En 2013-2014, l'Office de la propriété intellectuelle du Canada (OPIC) a lancé un processus de consultation intitulé « Modernisation de la communauté de la PI », une collaboration entre l'OPIC et la communauté professionnelle de la PI. Trois groupes de travail ont été formés afin d'examiner les divers aspects de la gouvernance de la profession de la PI, dont un spécifiquement pour explorer et formuler des recommandations concernant un cadre de valeurs et d'éthique destiné aux agents de PI. L'objectif était d'élaborer un cadre juste et cohérent afin d'offrir une bonne compréhension de conduite acceptable aux agents de PI et une attente de service claire aux clients. Le groupe de travail a examiné les pratiques exemplaires actuelles dans d'autres juridictions et a identifié les comportements éthiques auxquels on s'attend généralement de la part des agents. À l'époque, la portée des options était limitée à celles qui se conformaient aux pouvoirs existants de la Commissaire aux brevets, registraire des marques de commerce (c.-à-d. aucune prise en compte de la délégation des pouvoirs).

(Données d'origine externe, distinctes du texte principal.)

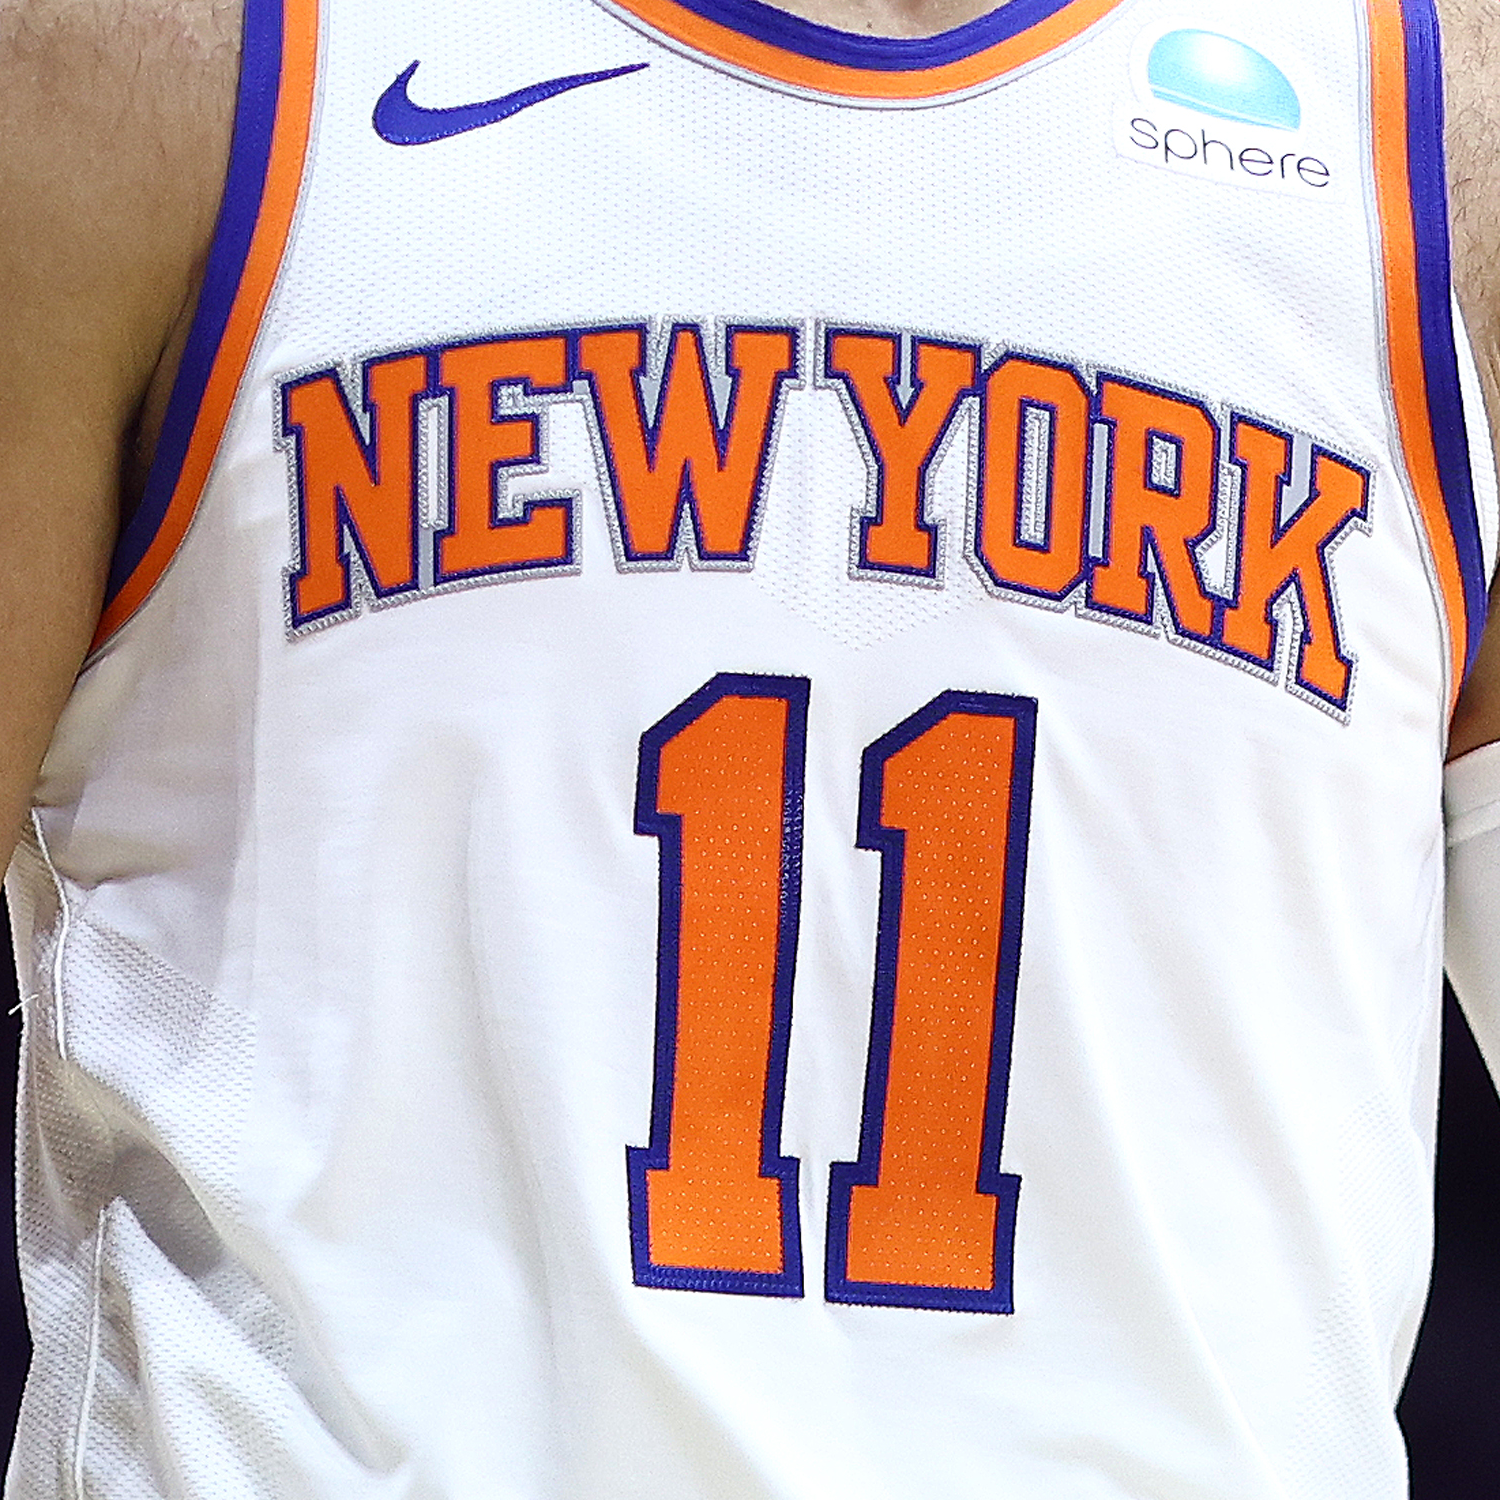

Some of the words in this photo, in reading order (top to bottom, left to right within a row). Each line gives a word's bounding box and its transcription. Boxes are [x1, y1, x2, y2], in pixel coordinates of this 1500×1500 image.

[1129, 117, 1330, 188] sphere
[274, 316, 804, 642] NEW
[814, 318, 1375, 725] YORK
[626, 672, 1038, 1315] 11
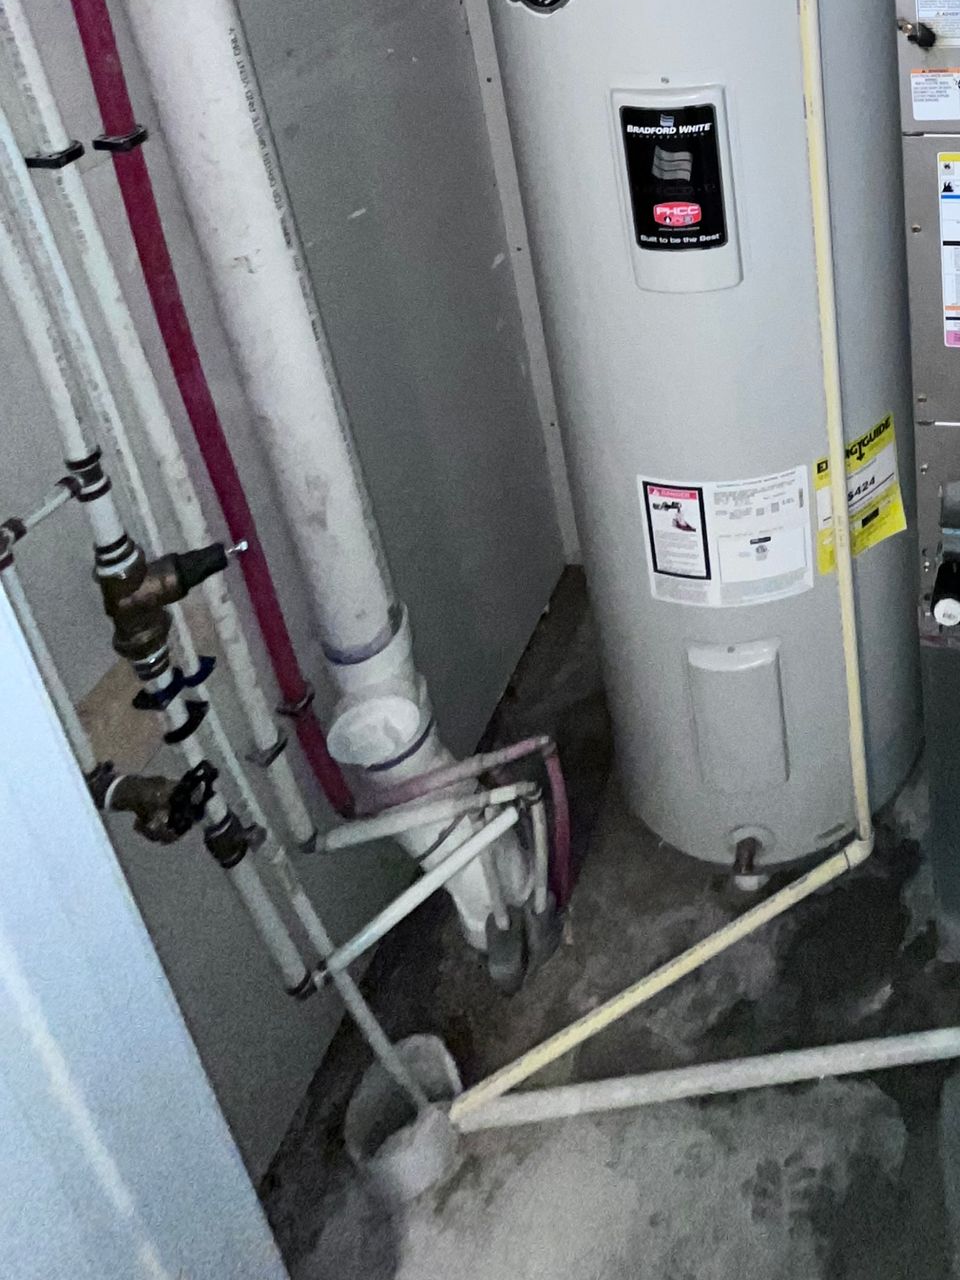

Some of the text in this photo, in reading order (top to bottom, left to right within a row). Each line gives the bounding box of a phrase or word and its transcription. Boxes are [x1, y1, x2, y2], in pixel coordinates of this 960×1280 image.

[626, 122, 711, 135] BRADFORD WHITE
[656, 206, 699, 216] PHCC
[640, 233, 719, 244] Built to be the Best

Malgré qu'il soit limité dans la portée des options évaluées, le groupe de travail a proposé plusieurs facteurs clés qui devraient être pris en compte dans la conception et la mise en œuvre de tout cadre éventuel. Le cadre devrait : respecter la justice naturelle, équilibrer les intérêts entre ceux de la profession et ceux du public, et être transparent. Tenant compte de ces facteurs, voici un cadre de valeurs et d'éthique proposé qui doit être administré par un des trois modèles réglementaires : un organisme administratif établi à l'OPIC (modèle d'organisme administratif); un organisme indépendant de concert avec l'OPIC, la profession et le public (un modèle mixte); ou un organisme administré par la profession (modèle auto-réglementé).

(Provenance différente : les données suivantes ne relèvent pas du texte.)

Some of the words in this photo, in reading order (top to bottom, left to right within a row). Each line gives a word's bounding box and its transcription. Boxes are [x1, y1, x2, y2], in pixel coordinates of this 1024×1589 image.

Un cadre de valeurs et d'éthique

Peu importe le modèle réglementaire choisi, le cadre de valeurs et d'éthique fonctionnerait en utilisant les mêmes éléments communs. Ces éléments, que l'on retrouve dans la grande majorité des cadres d'éthique et de valeurs professionnelles, sont :

  1. Un code de conduite : le gouvernement propose une ébauche de code de conduite fondée sur l'ébauche du code de conduite de l'Institut de la propriété intellectuelle du Canada (IPIC) et inclure des sections du Code type de déontologie professionnelle de la Fédération des ordres professionnels de juristes du Canada. L'ébauche du code est incluse dans l'annexe A.
  2. Un processus disciplinaire comprend :
    • une fonction de réception des plaintes : un point de contact afin de recevoir des plaintes contre un agent;
    • une fonction d'examen : un organisme qui doit traiter les plaintes et effectuer un examen afin de déterminer si la plainte est fondée et s'il y a suffisamment de preuves pour aller de l'avant;
    • une fonction d'enquête : les personnes ayant le pouvoir d'enquêter sur une plainte, si nécessaire, et fournir des preuves supplémentaires à l'organisme d'examen;
    • un tribunal disciplinaire : un processus juridictionnel afin de déterminer si un manquement au code de conduite s'est produit, et de décider du recours approprié, si nécessaire;
    • un processus d'appel.

Veuillez consulter l'annexe B pour une courte description de chacun de ces éléments et de la manière dont nous prévoyons qu'ils pourraient fonctionner en pratique.

Modèles de gouvernance

Le cadre de valeurs et d'éthique pourrait être mis en œuvre et administré par un organisme de réglementation, qui pourrait suivre un des trois types de modèles de gouvernance. Les modèles en question sont :

  • un modèle d'organisme administratif;
  • un modèle mixte; ou
  • un modèle de gouvernance auto-réglementé.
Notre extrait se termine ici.